*EXERCISE GOAL*
Your task is to print each entry exactly as written.

*DATA TO EXAMINE*
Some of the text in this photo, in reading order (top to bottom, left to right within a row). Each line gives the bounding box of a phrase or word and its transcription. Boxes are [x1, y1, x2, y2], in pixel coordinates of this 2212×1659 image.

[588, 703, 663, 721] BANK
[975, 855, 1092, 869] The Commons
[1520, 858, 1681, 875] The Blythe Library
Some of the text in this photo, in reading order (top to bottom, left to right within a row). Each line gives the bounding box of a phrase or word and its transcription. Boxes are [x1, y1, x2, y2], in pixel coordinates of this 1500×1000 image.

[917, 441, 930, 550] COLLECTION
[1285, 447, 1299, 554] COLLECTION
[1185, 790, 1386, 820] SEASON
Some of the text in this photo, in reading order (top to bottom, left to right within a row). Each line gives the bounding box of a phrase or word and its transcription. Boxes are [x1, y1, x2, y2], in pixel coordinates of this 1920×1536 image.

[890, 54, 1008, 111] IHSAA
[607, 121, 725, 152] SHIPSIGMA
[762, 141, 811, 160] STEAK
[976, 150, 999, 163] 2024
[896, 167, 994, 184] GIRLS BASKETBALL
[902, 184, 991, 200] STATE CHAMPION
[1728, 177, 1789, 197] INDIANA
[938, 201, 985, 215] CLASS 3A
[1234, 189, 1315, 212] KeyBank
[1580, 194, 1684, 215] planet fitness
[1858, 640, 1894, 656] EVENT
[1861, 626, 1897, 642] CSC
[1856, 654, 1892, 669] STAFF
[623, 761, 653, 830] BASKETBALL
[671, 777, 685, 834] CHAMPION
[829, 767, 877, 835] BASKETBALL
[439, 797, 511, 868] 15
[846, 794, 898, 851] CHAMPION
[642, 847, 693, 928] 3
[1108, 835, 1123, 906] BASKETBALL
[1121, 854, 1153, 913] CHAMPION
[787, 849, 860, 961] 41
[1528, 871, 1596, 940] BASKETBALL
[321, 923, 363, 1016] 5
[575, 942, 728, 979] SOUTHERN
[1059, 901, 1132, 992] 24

*TASK OUTPUT*
Some of the text in this photo, in reading order (top to bottom, left to right within a row). Each line gives the bounding box of a phrase or word and its transcription. Boxes are [x1, y1, x2, y2], in pixel coordinates of this 2212×1659 image.

[588, 703, 663, 721] BANK
[975, 855, 1092, 869] The Commons
[1520, 858, 1681, 875] The Blythe Library
Some of the text in this photo, in reading order (top to bottom, left to right within a row). Each line gives the bounding box of a phrase or word and its transcription. Boxes are [x1, y1, x2, y2], in pixel coordinates of this 1500×1000 image.

[917, 441, 930, 550] COLLECTION
[1285, 447, 1299, 554] COLLECTION
[1185, 790, 1386, 820] SEASON
Some of the text in this photo, in reading order (top to bottom, left to right within a row). Each line gives the bounding box of a phrase or word and its transcription. Boxes are [x1, y1, x2, y2], in pixel coordinates of this 1920×1536 image.

[890, 54, 1008, 111] IHSAA
[607, 121, 725, 152] SHIPSIGMA
[762, 141, 811, 160] STEAK
[976, 150, 999, 163] 2024
[896, 167, 994, 184] GIRLS BASKETBALL
[902, 184, 991, 200] STATE CHAMPION
[1728, 177, 1789, 197] INDIANA
[938, 201, 985, 215] CLASS 3A
[1234, 189, 1315, 212] KeyBank
[1580, 194, 1684, 215] planet fitness
[1858, 640, 1894, 656] EVENT
[1861, 626, 1897, 642] CSC
[1856, 654, 1892, 669] STAFF
[623, 761, 653, 830] BASKETBALL
[671, 777, 685, 834] CHAMPION
[829, 767, 877, 835] BASKETBALL
[439, 797, 511, 868] 15
[846, 794, 898, 851] CHAMPION
[642, 847, 693, 928] 3
[1108, 835, 1123, 906] BASKETBALL
[1121, 854, 1153, 913] CHAMPION
[787, 849, 860, 961] 41
[1528, 871, 1596, 940] BASKETBALL
[321, 923, 363, 1016] 5
[575, 942, 728, 979] SOUTHERN
[1059, 901, 1132, 992] 24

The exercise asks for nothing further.